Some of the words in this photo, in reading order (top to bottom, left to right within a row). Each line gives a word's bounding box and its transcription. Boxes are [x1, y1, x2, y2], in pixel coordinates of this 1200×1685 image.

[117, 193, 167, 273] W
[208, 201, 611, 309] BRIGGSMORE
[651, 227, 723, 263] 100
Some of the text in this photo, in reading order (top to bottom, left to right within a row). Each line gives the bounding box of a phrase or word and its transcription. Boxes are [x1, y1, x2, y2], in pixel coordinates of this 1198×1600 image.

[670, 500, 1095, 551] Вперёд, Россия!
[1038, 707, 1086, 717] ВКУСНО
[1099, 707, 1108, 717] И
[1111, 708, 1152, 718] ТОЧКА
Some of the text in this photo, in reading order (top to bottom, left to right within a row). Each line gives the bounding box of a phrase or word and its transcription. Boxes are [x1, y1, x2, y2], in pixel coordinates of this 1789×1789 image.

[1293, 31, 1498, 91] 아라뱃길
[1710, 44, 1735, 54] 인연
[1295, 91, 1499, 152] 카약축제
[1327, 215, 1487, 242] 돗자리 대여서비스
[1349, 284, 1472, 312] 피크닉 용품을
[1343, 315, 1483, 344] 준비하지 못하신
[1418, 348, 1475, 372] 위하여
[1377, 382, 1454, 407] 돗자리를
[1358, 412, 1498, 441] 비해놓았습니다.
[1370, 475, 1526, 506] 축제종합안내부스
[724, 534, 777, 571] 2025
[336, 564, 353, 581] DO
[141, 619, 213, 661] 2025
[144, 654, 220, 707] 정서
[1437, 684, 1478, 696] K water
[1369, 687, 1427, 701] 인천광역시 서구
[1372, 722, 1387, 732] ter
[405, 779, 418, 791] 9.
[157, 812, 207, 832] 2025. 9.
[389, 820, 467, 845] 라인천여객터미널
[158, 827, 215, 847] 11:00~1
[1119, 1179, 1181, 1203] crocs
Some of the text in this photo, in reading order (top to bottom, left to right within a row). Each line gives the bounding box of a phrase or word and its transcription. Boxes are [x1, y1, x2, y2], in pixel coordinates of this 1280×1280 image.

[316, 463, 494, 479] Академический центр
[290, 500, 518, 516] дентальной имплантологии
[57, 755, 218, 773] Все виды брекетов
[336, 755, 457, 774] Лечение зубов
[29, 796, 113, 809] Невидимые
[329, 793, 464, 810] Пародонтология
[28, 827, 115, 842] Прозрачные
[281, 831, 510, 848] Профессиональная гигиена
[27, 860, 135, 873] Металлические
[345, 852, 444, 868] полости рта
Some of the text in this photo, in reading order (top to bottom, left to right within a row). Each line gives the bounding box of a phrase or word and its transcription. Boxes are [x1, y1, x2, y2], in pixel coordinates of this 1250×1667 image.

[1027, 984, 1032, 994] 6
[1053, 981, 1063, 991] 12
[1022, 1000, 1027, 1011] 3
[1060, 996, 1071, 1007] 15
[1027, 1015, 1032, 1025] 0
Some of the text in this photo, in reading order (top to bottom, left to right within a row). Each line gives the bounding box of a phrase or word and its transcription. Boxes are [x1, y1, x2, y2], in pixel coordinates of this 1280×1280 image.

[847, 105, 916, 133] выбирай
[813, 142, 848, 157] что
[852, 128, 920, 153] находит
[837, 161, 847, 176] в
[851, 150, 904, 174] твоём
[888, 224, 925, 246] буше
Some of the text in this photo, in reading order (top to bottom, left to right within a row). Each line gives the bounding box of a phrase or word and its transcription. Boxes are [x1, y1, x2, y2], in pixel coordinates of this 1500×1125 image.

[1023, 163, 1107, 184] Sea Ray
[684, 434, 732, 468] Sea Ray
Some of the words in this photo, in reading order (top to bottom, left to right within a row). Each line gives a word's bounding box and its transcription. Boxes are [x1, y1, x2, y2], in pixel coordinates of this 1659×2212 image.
· · · ·
INSTRUCTIONS TO FOLLOW:
For this task, retype the material exactly, line for line.

RESULT FOR THIS EXERCISE:
Some of the words in this photo, in reading order (top to bottom, left to right within a row). Each line gives a word's bounding box and its transcription. Boxes are [x1, y1, x2, y2], in pixel coordinates of this 1200×1685 image.

[117, 193, 167, 273] W
[208, 201, 611, 309] BRIGGSMORE
[651, 227, 723, 263] 100
Some of the text in this photo, in reading order (top to bottom, left to right within a row). Each line gives the bounding box of a phrase or word and its transcription. Boxes are [x1, y1, x2, y2], in pixel coordinates of this 1198×1600 image.

[670, 500, 1095, 551] Вперёд, Россия!
[1038, 707, 1086, 717] ВКУСНО
[1099, 707, 1108, 717] И
[1111, 708, 1152, 718] ТОЧКА
Some of the text in this photo, in reading order (top to bottom, left to right within a row). Each line gives the bounding box of a phrase or word and its transcription. Boxes are [x1, y1, x2, y2], in pixel coordinates of this 1789×1789 image.

[1293, 31, 1498, 91] 아라뱃길
[1710, 44, 1735, 54] 인연
[1295, 91, 1499, 152] 카약축제
[1327, 215, 1487, 242] 돗자리 대여서비스
[1349, 284, 1472, 312] 피크닉 용품을
[1343, 315, 1483, 344] 준비하지 못하신
[1418, 348, 1475, 372] 위하여
[1377, 382, 1454, 407] 돗자리를
[1358, 412, 1498, 441] 비해놓았습니다.
[1370, 475, 1526, 506] 축제종합안내부스
[724, 534, 777, 571] 2025
[336, 564, 353, 581] DO
[141, 619, 213, 661] 2025
[144, 654, 220, 707] 정서
[1437, 684, 1478, 696] K water
[1369, 687, 1427, 701] 인천광역시 서구
[1372, 722, 1387, 732] ter
[405, 779, 418, 791] 9.
[157, 812, 207, 832] 2025. 9.
[389, 820, 467, 845] 라인천여객터미널
[158, 827, 215, 847] 11:00~1
[1119, 1179, 1181, 1203] crocs
Some of the text in this photo, in reading order (top to bottom, left to right within a row). Each line gives the bounding box of a phrase or word and its transcription. Boxes are [x1, y1, x2, y2], in pixel coordinates of this 1280×1280 image.

[316, 463, 494, 479] Академический центр
[290, 500, 518, 516] дентальной имплантологии
[57, 755, 218, 773] Все виды брекетов
[336, 755, 457, 774] Лечение зубов
[29, 796, 113, 809] Невидимые
[329, 793, 464, 810] Пародонтология
[28, 827, 115, 842] Прозрачные
[281, 831, 510, 848] Профессиональная гигиена
[27, 860, 135, 873] Металлические
[345, 852, 444, 868] полости рта
Some of the text in this photo, in reading order (top to bottom, left to right within a row). Each line gives the bounding box of a phrase or word and its transcription. Boxes are [x1, y1, x2, y2], in pixel coordinates of this 1250×1667 image.

[1027, 984, 1032, 994] 6
[1053, 981, 1063, 991] 12
[1022, 1000, 1027, 1011] 3
[1060, 996, 1071, 1007] 15
[1027, 1015, 1032, 1025] 0
Some of the text in this photo, in reading order (top to bottom, left to right within a row). Each line gives the bounding box of a phrase or word and its transcription. Boxes are [x1, y1, x2, y2], in pixel coordinates of this 1280×1280 image.

[847, 105, 916, 133] выбирай
[813, 142, 848, 157] что
[852, 128, 920, 153] находит
[837, 161, 847, 176] в
[851, 150, 904, 174] твоём
[888, 224, 925, 246] буше
Some of the text in this photo, in reading order (top to bottom, left to right within a row). Each line gives the bounding box of a phrase or word and its transcription. Boxes are [x1, y1, x2, y2], in pixel coordinates of this 1500×1125 image.

[1023, 163, 1107, 184] Sea Ray
[684, 434, 732, 468] Sea Ray
Some of the words in this photo, in reading order (top to bottom, left to right within a row). Each line gives a word's bounding box and its transcription. Boxes are [x1, y1, x2, y2], in pixel coordinates of this 1659×2212 image.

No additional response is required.